The least positive integer $$n$$ such that $$\frac{(2i)^n}{(1-i)^{n-2}}$$, $$i = \sqrt{-1}$$, is a positive integer, is _________

We have to find the smallest positive integer $$n$$ for which the complex-valued expression

$$\dfrac{(2i)^n}{(1-i)^{\,n-2}}$$

comes out to be a positive integer (a real number > 0).

First we separate magnitude and argument of every factor.

The numerator is $$ (2i)^n = 2^n i^n $$. Here $$i = e^{\,i\pi/2}$$, so
$$ i^n = e^{\,i n\pi/2}. $$ Hence

$$ (2i)^n = 2^n\,e^{\,i n\pi/2}. $$

Now we treat the denominator.
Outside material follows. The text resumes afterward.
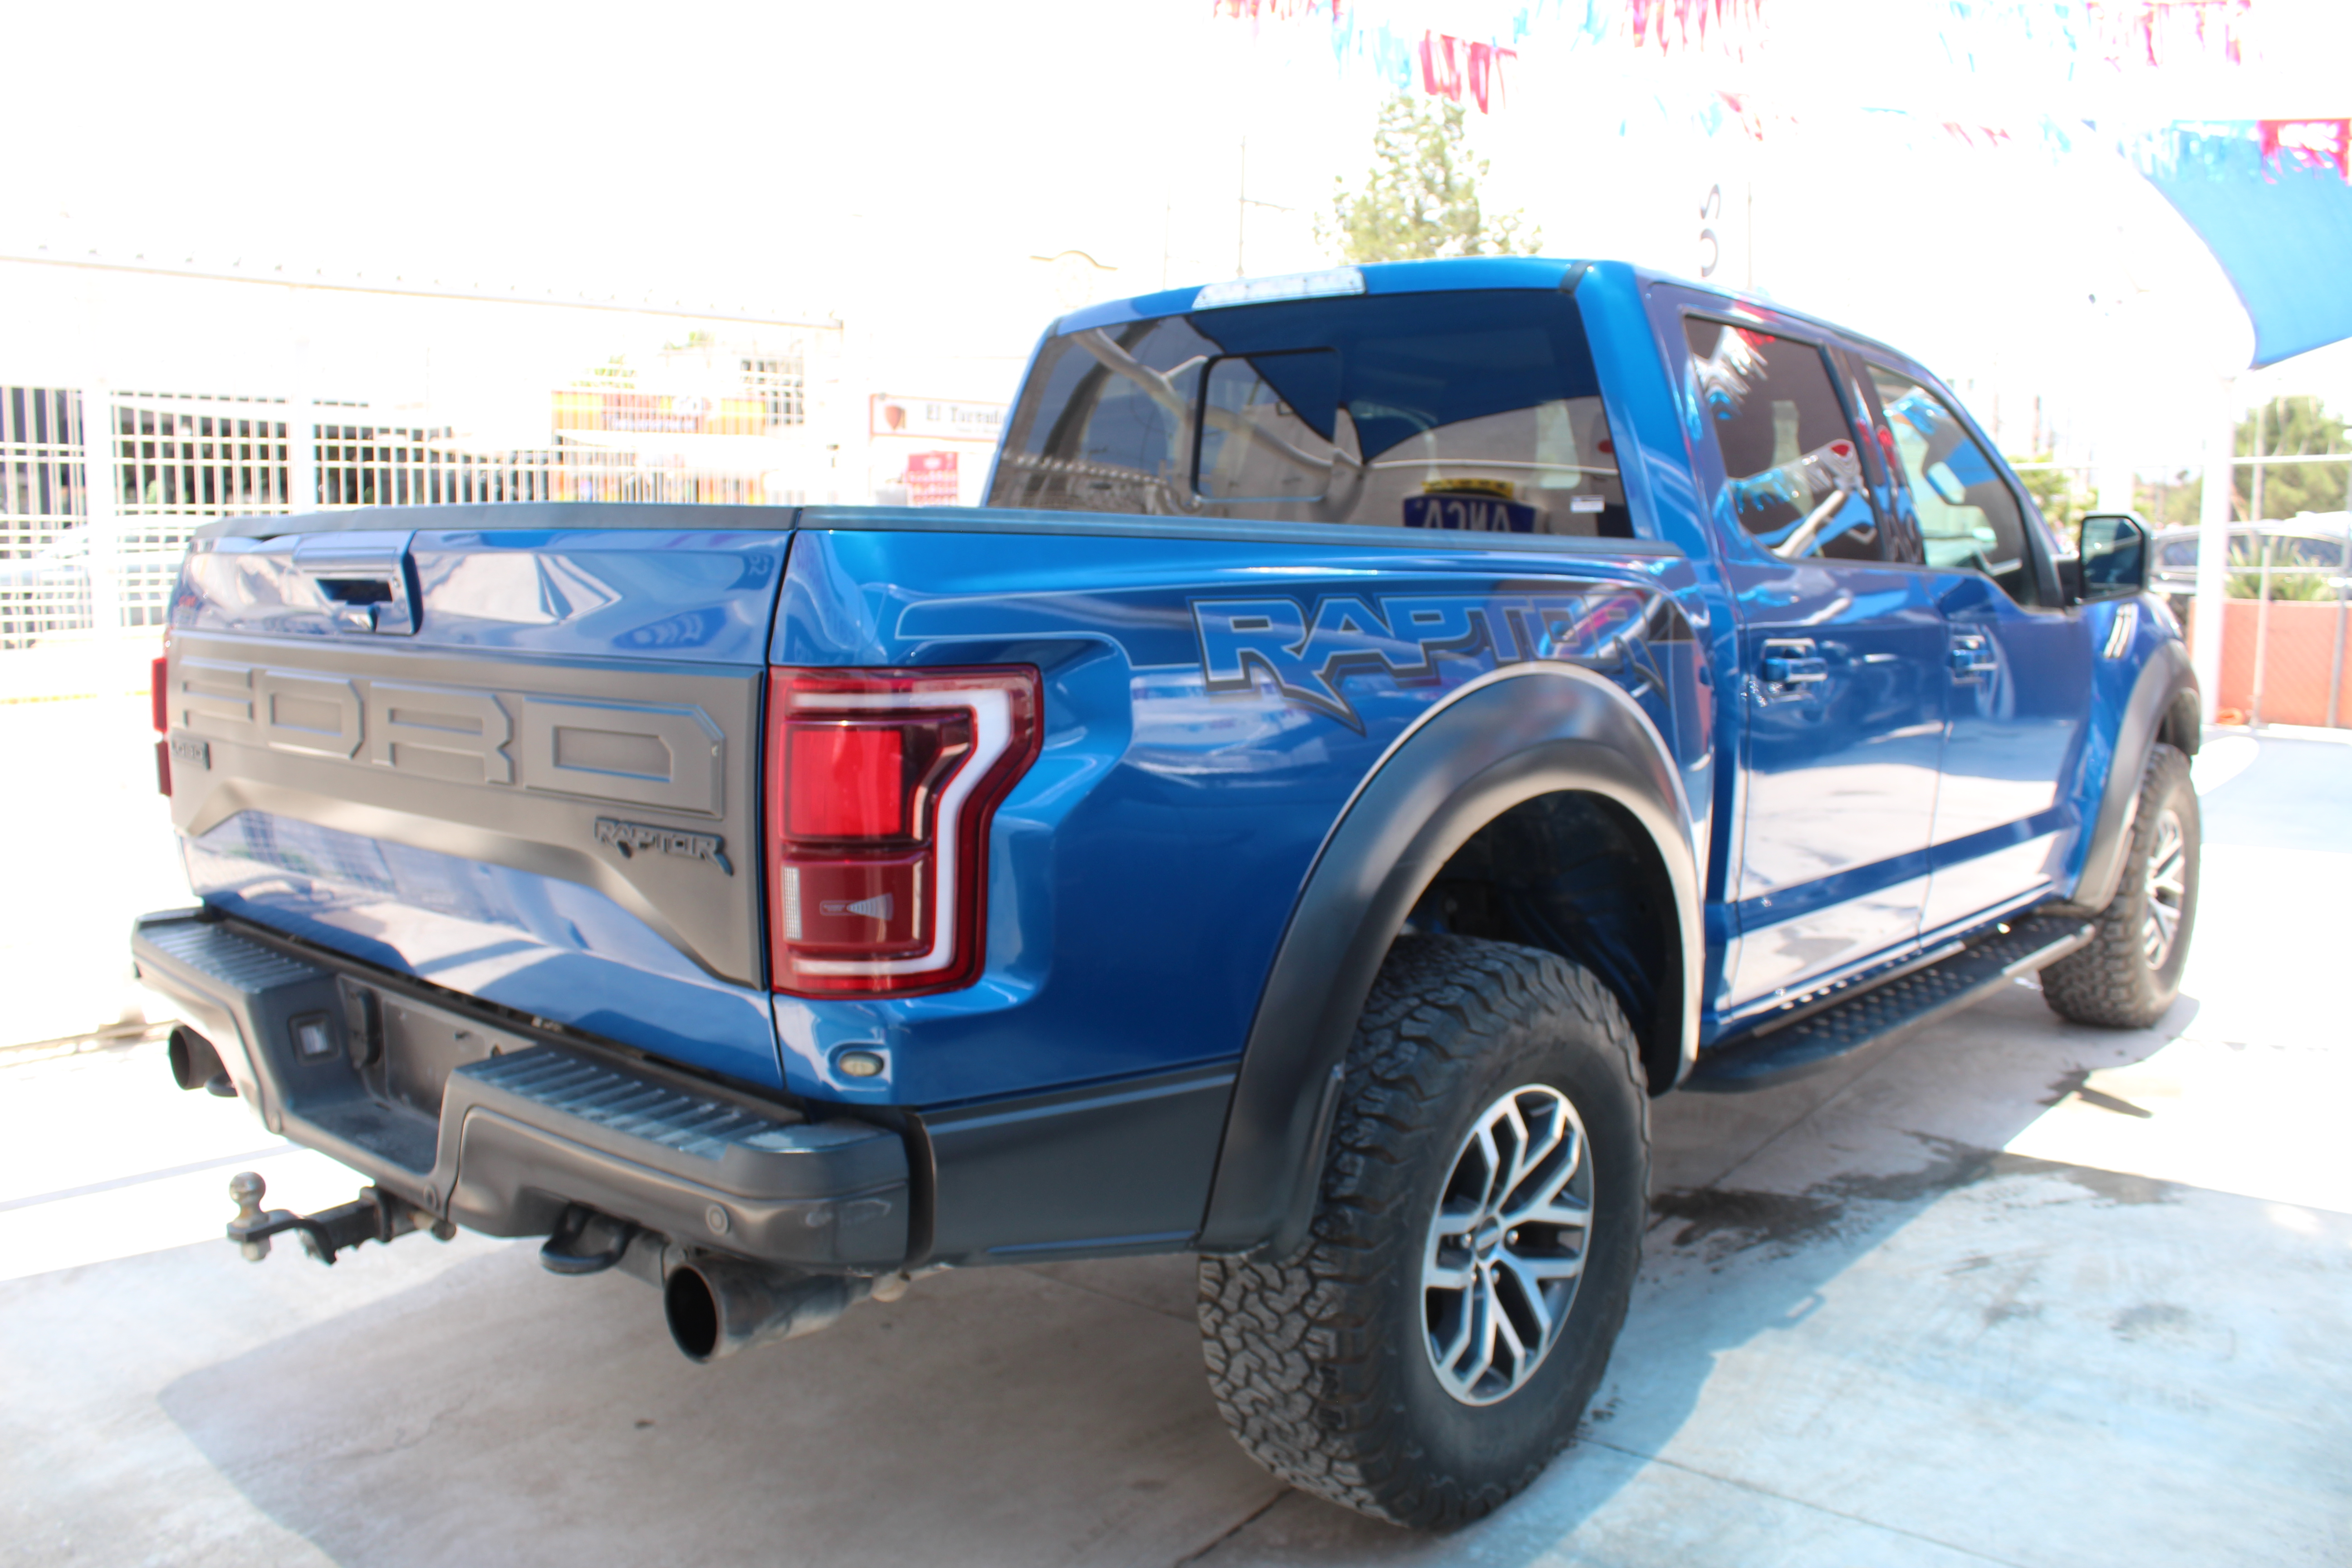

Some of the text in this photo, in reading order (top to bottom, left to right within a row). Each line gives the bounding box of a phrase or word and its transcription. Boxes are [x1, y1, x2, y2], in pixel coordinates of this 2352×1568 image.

[926, 403, 941, 421] El
[1188, 595, 1671, 736] RAPTOR
[172, 657, 725, 819] FORD
[594, 816, 733, 877] RAPTOR
Write $$1-i$$ in polar form:

$$ 1-i = \sqrt2\left(\cos\!\bigl(-\tfrac{\pi}{4}\bigr)+i\sin\!\bigl(-\tfrac{\pi}{4}\bigr)\right)=\sqrt2\,e^{-\,i\pi/4}. $$

Therefore

$$ (1-i)^{\,n-2}= \bigl(\sqrt2\bigr)^{\,n-2}\,e^{-\,i(n-2)\pi/4}. $$

So the entire fraction becomes

$$ \dfrac{(2i)^n}{(1-i)^{\,n-2}} =\dfrac{2^n\,e^{\,i n\pi/2}}{\bigl(\sqrt2\bigr)^{\,n-2}\,e^{-\,i (n-2)\pi/4}} =2^n\bigl(\sqrt2\bigr)^{-(n-2)}\,e^{\,i\left(\dfrac{n\pi}{2}+\dfrac{(n-2)\pi}{4}\right)}. $$

We now simplify the magnitude (modulus).

Formula used: $$\bigl(\sqrt2\bigr)^{n-2}=2^{\,(n-2)/2}.$$ Substituting:

$$ 2^n \times 2^{-\,(n-2)/2}=2^{\,n-\frac{n-2}{2}}=2^{\,n-\frac{n}{2}+1}=2^{\,\frac{n}{2}+1}. $$

Thus the modulus of the fraction is $$2^{\,\frac{n}{2}+1}$$, clearly a positive real number for every positive integer $$n$$.
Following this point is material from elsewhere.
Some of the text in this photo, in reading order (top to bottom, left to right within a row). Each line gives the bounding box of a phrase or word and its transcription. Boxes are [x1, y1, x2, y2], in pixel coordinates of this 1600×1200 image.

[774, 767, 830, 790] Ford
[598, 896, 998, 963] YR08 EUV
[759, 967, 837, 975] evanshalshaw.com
Next we handle the argument (angle). Adding the angles we obtained earlier, we have

$$ \text{Arg} = \dfrac{n\pi}{2} + \dfrac{(n-2)\pi}{4} = \dfrac{2n\pi + (n-2)\pi}{4} = \dfrac{(3n-2)\pi}{4}. $$

For the overall complex number to be a positive real, its argument must be an integral multiple of $$2\pi$$:

$$ \dfrac{(3n-2)\pi}{4}=2k\pi \quad\Longrightarrow\quad \dfrac{3n-2}{4}=2k \quad\Longrightarrow\quad 3n-2=8k, $$

where $$k$$ is any integer.

Rearranging,

$$ 3n = 8k+2. $$

We want the least positive $$n$$ that satisfies this linear Diophantine equation. Work modulo 3: $$8k+2\equiv (-1)k+2\pmod 3,$$ so we require

$$ (-1)k+2\equiv 0\pmod 3 \;\;\Longrightarrow\;\; k\equiv 2\pmod 3. $$

Put $$k=3m+2$$ with integer $$m\ge 0$$. Substituting back:

$$ 3n = 8(3m+2)+2 = 24m+16+2 = 24m+18 = 6(4m+3). $$

Hence

$$ n = 2(4m+3) = 8m+6. $$

The smallest value arises when $$m=0$$, giving

$$ n = 6. $$

For this $$n$$ the modulus is $$2^{\,\frac{6}{2}+1}=2^{\,4}=16$$, and the argument is zero, so the fraction equals $$16$$, a positive integer exactly as required.

Hence, the correct answer is Option 6.